Monday, January 11, 2016

The Bachelor Recap: Week 1

Note: As I wrote previously, I'm writing a humorous weekly column about The Bachelor this winter. The following post originally appeared on my Patreon page, which you can subscribe to here to read the weekly posts when they are first released rather than having to wait a week.

An Army of Freakishly Good Looking Women
 
In the lead up to last night's Season 20 premier of The Bachelor, I was mystified by the promo clips of women going to great lengths to make a memorable entrance on night one at the Bachelor Mansion. When you're going on a first date, with twenty seven other women, I'm sure it's easy to worry about whether or not the guy will even remember your name, much less whether you'll make the kind of first impression that earns you that coveted first rose.
 
But when did the limo exit become an exercise in bad puns and silly costumes? Even in the alternate Bachelor Universe, this seems a bit far fetched. I started keeping count: the first five to exit the limo all made some kind of dumb, punny joke in effort to imprint themselves on Ben's memory. I thought that was bad...but it got much worse.
 
A woman showed up with a miniature horse.
A woman walked our wearing a Rose Hat that was bigger than her head ("I AM the first impression rose," she said).
A woman road up on a hover board.
A woman got out of the limo dressed in footie pajamas, because she needed to find out if Ben is "The Onesie."
 
Enough with the puns already.
 
"What are you looking for in a woman, Ben?"
"Someone who can make a good pun." <-- Things Ben never said.
 
In all seriousness, this shift (it is a shift, isn't it? Were the entrances always this crazy, or am I just blocking that out?) seems like the Manic Pixie Dream Girl trope on steroids...or on something harder than steroids, in some cases. The desire to prove one's quirky uniqueness right out of the limo door has driven these women to lengths that not only seem unnecessary, but might even have the opposite of the desired effect. When has the person who made the crazy entrance EVER gotten the first impression rose? Never in my memory. What happened to Hot Tub Guy? Or to Cupcake? [From the previous season of The Bachelorette] And Mini Horse Meagan has already been sent home (though that may have been because she cursed every three words, which is a bit much for anyone, but especially for Nice Guy Ben). A "memorable" entrance is not the same as a good first impression, even on reality television.

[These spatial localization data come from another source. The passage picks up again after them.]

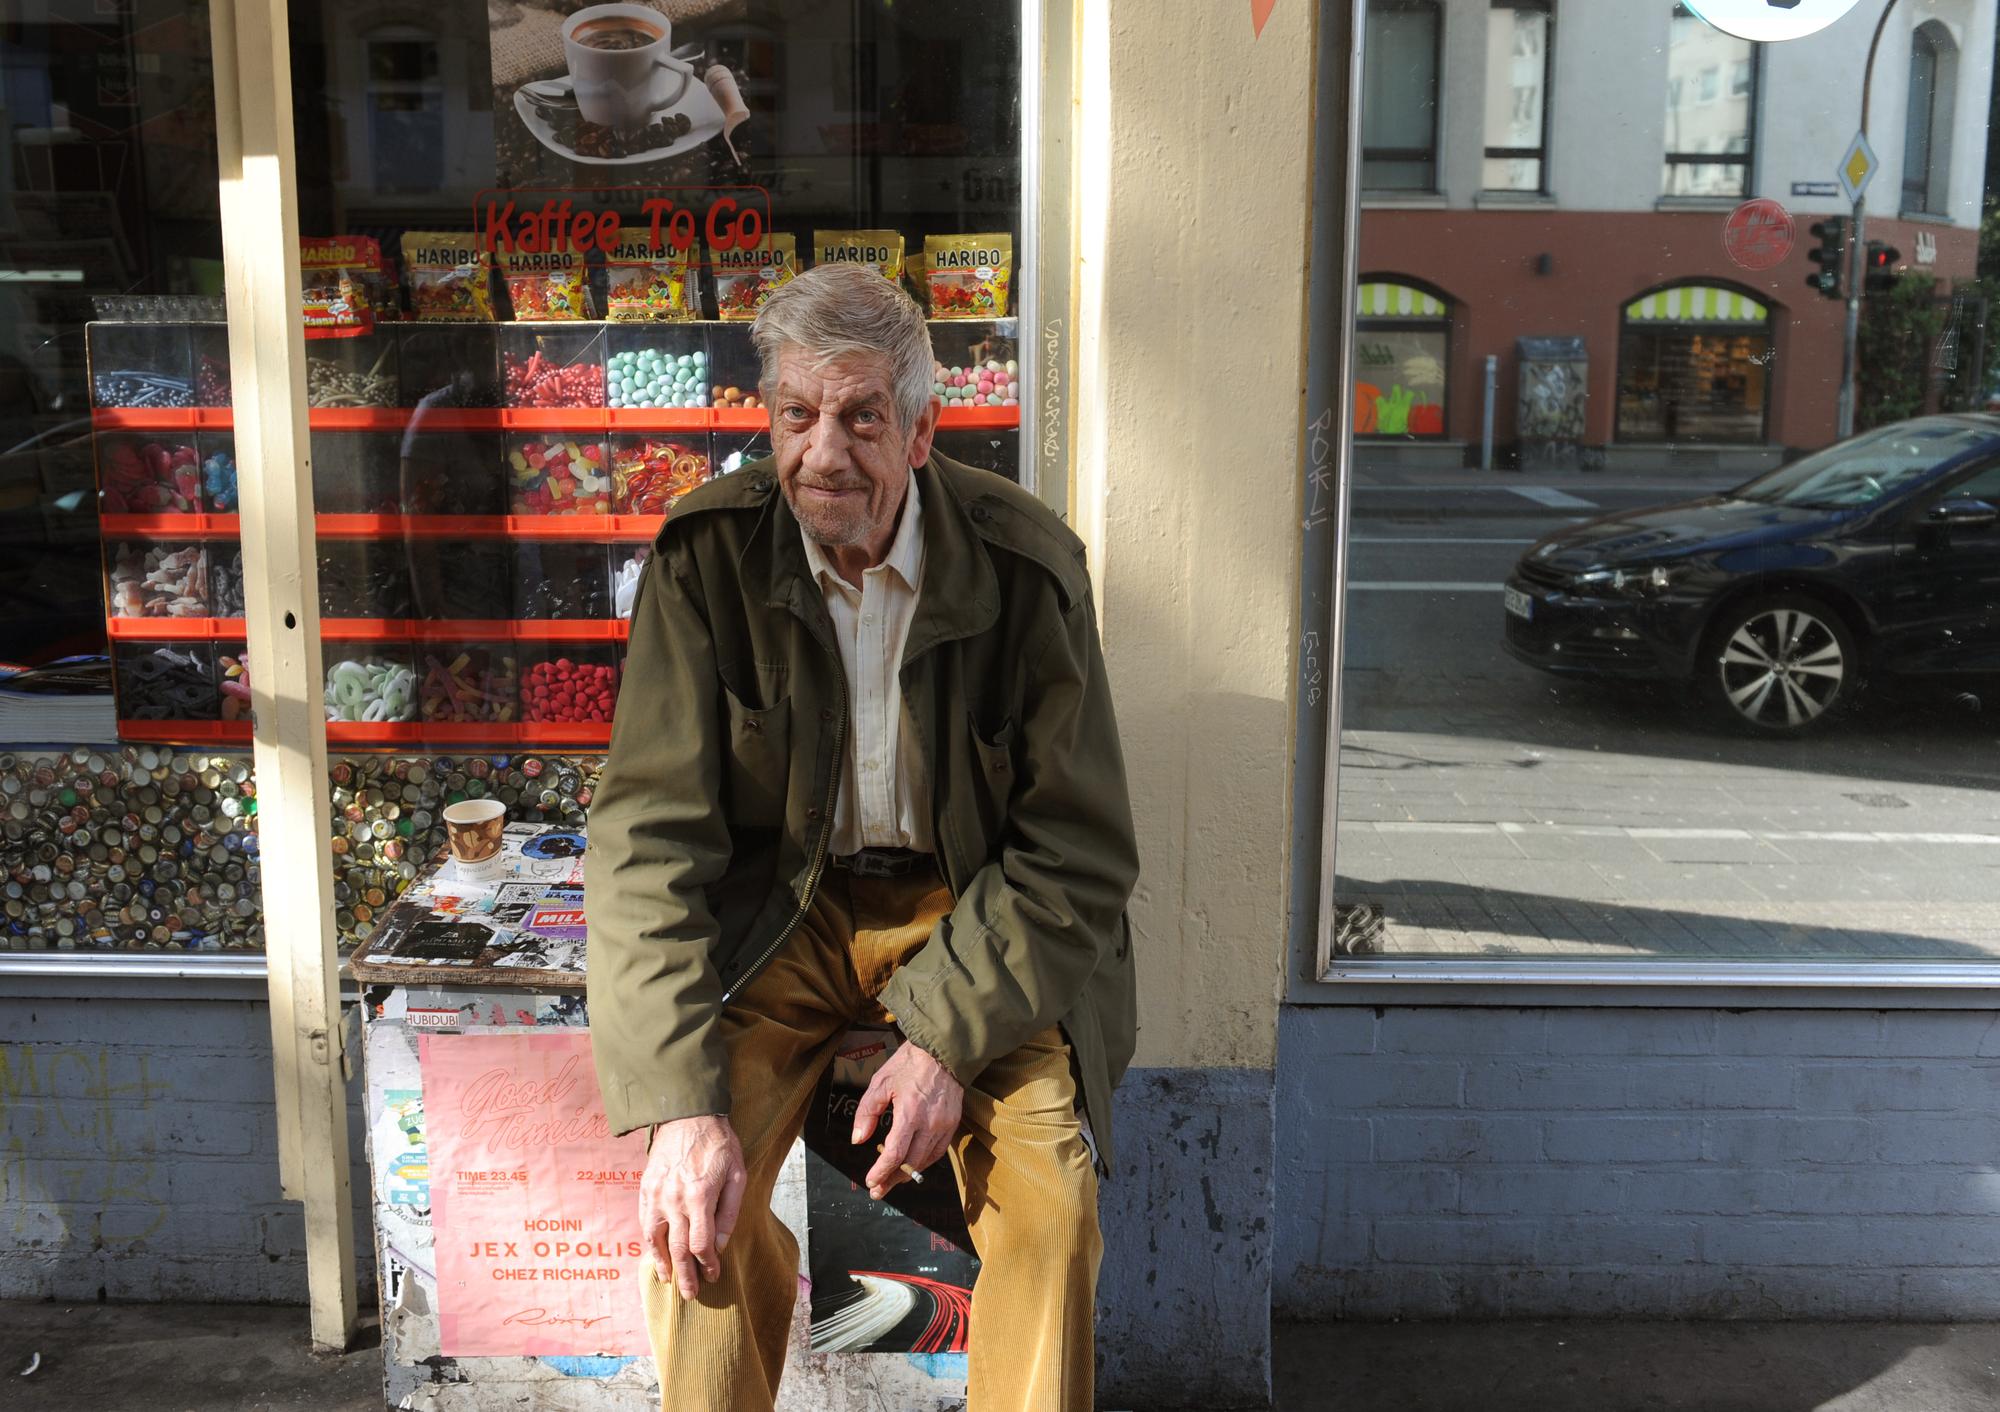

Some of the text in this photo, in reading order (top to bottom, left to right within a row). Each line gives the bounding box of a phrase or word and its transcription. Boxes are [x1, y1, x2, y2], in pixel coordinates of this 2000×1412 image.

[485, 197, 762, 254] Kaffee To Go
[508, 253, 573, 271] HARIBO
[719, 249, 784, 268] HARIBO
[823, 246, 889, 263] HARIBO
[936, 249, 1000, 267] HARIBO
[460, 1054, 580, 1118] Good
[456, 1171, 529, 1182] TIME 23.45
[576, 1170, 594, 1181] 22
[596, 1170, 627, 1181] JULY
[524, 1219, 583, 1232] HODINI
[469, 1241, 643, 1258] JEX OPOLIS
[492, 1268, 621, 1281] CHEZ RICHARD
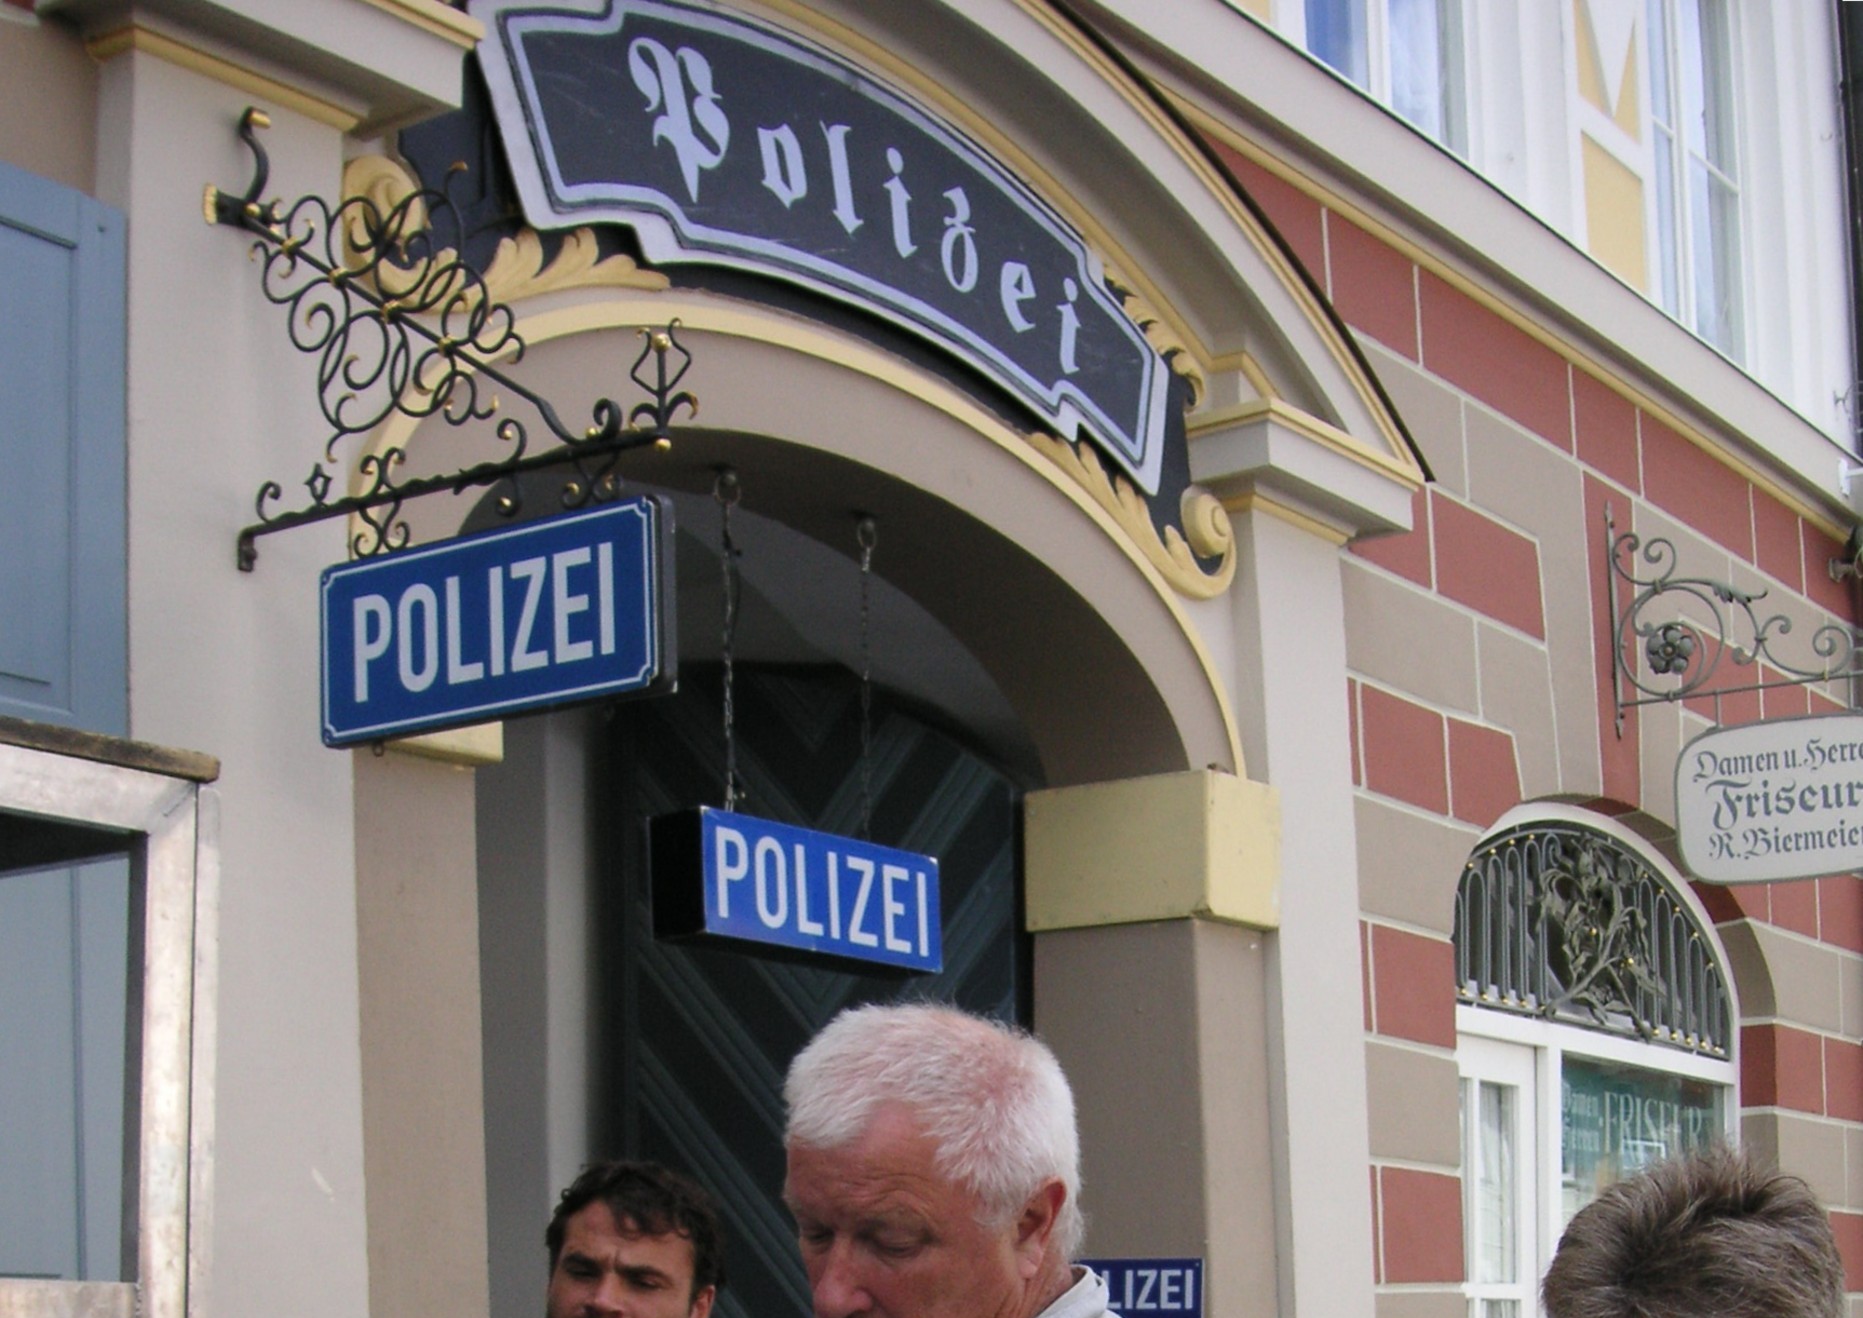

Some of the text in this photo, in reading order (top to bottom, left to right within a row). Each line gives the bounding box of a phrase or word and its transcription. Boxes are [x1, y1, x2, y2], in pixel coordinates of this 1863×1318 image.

[628, 36, 1082, 376] Polizei
[352, 541, 616, 703] POLIZEI
[1692, 750, 1779, 783] Damen
[715, 825, 929, 958] POLIZEI
[1742, 819, 1863, 860] Biermeie
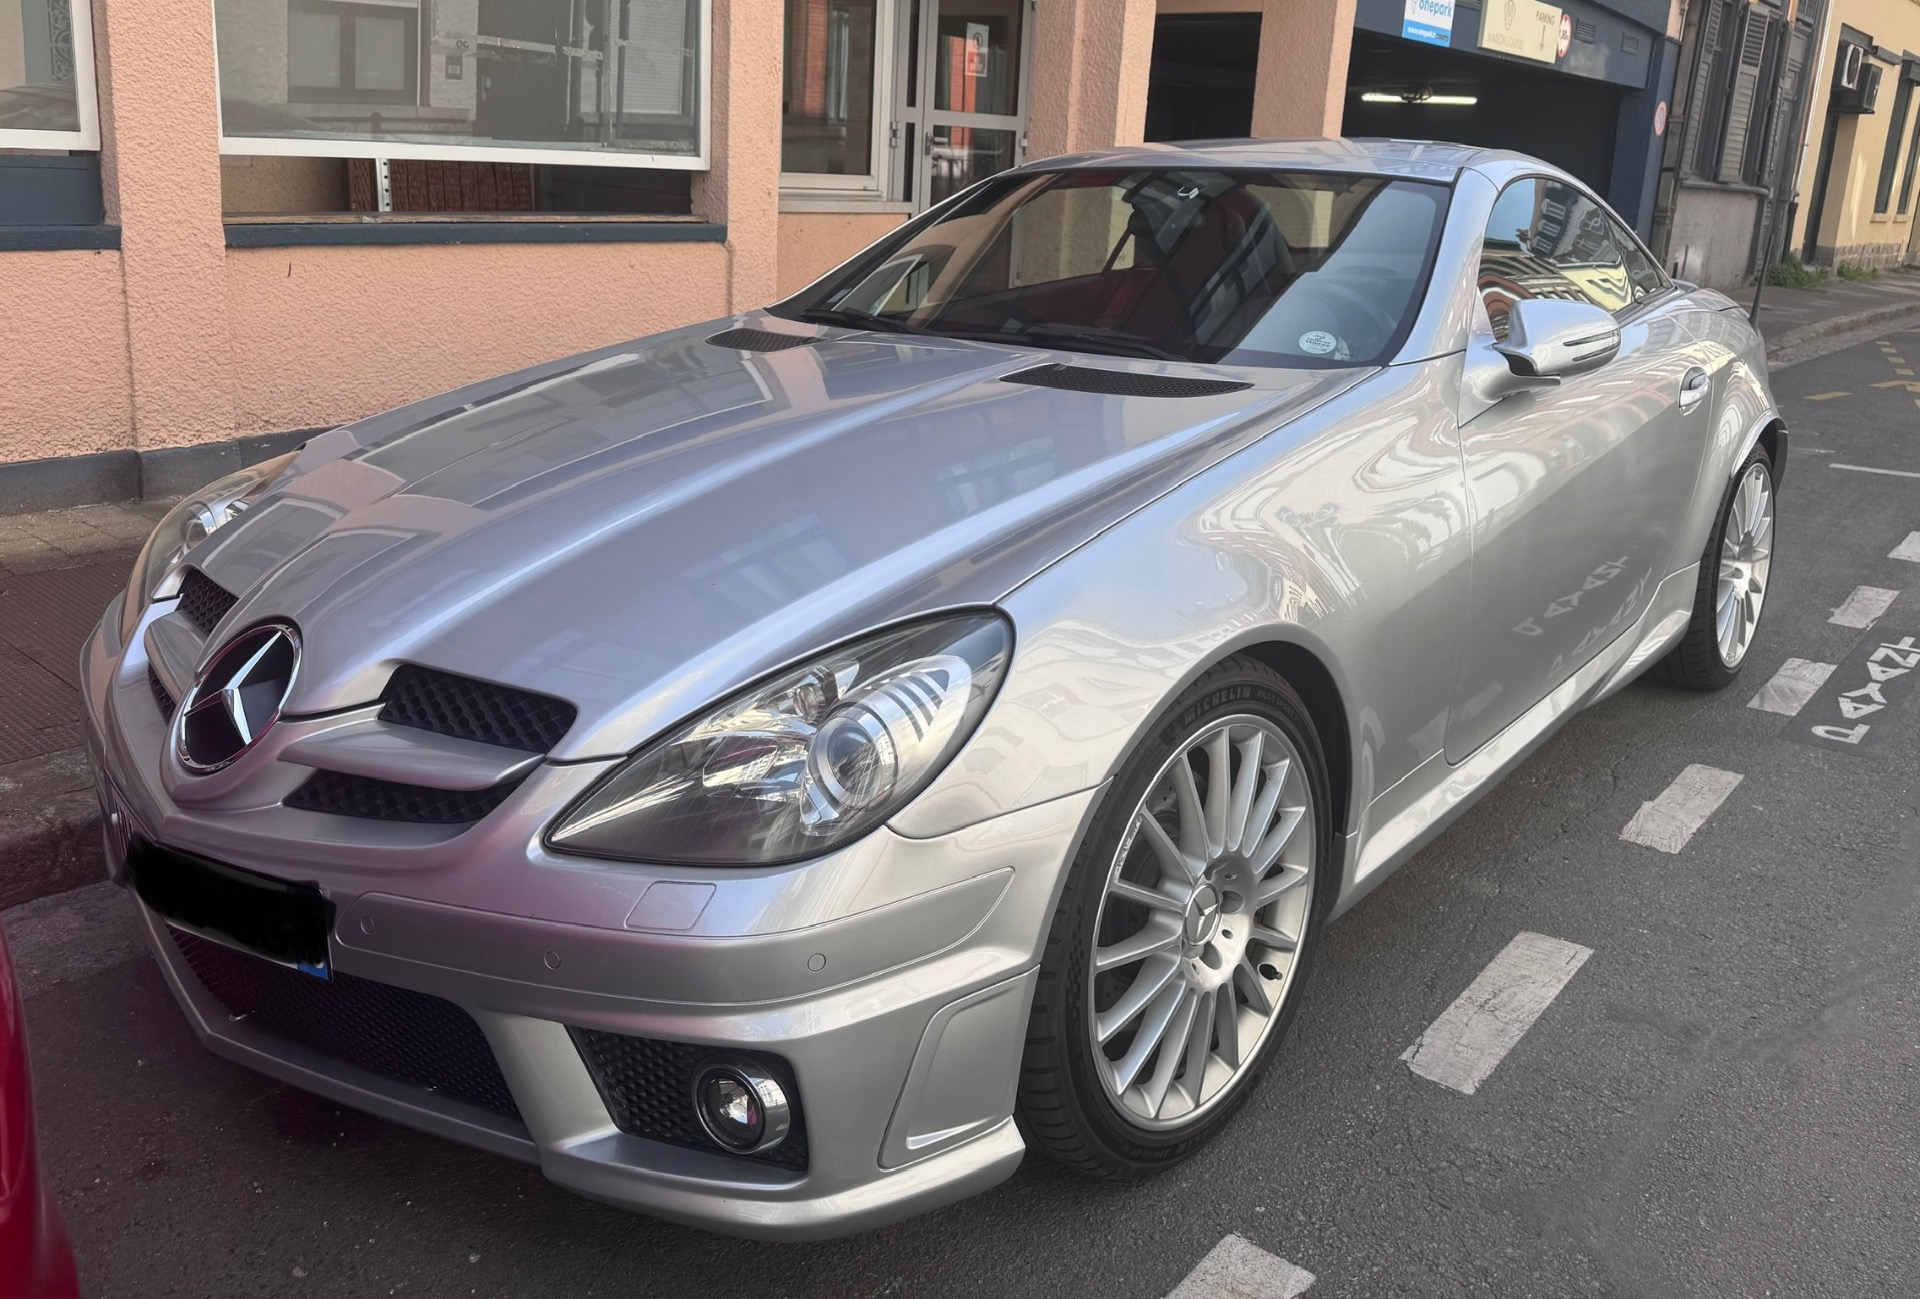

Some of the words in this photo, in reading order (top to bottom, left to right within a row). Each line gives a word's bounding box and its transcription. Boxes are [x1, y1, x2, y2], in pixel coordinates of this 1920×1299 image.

[1419, 0, 1453, 18] onepark
[1536, 10, 1556, 26] PARKING
[1811, 636, 1920, 745] PAYANT
[1184, 686, 1252, 725] MICHELIN

You know what apparently did make a good first impression on Ben? A woman who quit a job she said she loved to come on the show and meet him.
 
Yeah, there's some stuff to unpack there, huh? If you want to make a good first impression, forget the kooky antics. Just make it very clear that the one thing that matters most to you in the world is Finding Love. So much so that you have already left your satisfying career to Take a Chance on Ben.
 
When it comes to first impressions, it also doesn't hurt to also be conventionally beautiful (mostly white, mostly blonde or pretending to be, and all skinny), but of course, the women cast on The Bachelor always are. Toward the beginning of the episode, someone used the phrase, "An Army of Freakishly Good Looking Women" to describe the cast, and that tells you most of what you need to know about night one. When Ben says, "I think I can see my wife in this room," all he is really able to mean is "You are all totally hot enough to marry." Ben may be one of the more "genuine" bachelors we've seen, but how many minutes does he actually get with each woman on the first night? Not many. Not enough to have much true sense of whether he wants to marry one of them. If any of them weren't conventionally attractive, Ben wouldn't have had time yet to get to know them "inside," to go with the cliché. Night one is all about the surface. It can't help but be about the surface, because there are twenty eight women and one man speed dating into the wee hours of the morning. This is why -- despite the fact that overall I think the show needs to loosen up about physical intimacy -- I was actually kind of digging Ben's choice not to kiss anyone on the first night. I mean, first off, there's nothing weird about not kissing on a first date even when you're on a date with one person (nor is it weird to kiss on a first date -- to each their own!). But when you're basically having 28 mini-dates in rapid succession and can barely remember all of the women's names, AND four of them are named Lauren, it shows some maturity to maximize face-to-face time by talking instead of sucking face. There will be PLENTY of time for making out later, and you know we are all looking forward to that, Ben. Don't let us down.
 
There was a lot going on in episode one, but as the season unfolds no doubt we will continue to consider how genuine Ben is, what kind of guy he is beneath the surface. The women keep calling him "the sexiest man in America," which I refute -- he's very cute, sure. I would totally date him. But sexiest man in America? That's...a little extreme. I don't know. I tend to think that, rather than pure sex appeal, what makes Ben the obvious choice for ABC's Bachelor is his bland small-town everyday guy brand of cute, mixed with some vague references to faith and moral values. He's attractive, but he's also safe.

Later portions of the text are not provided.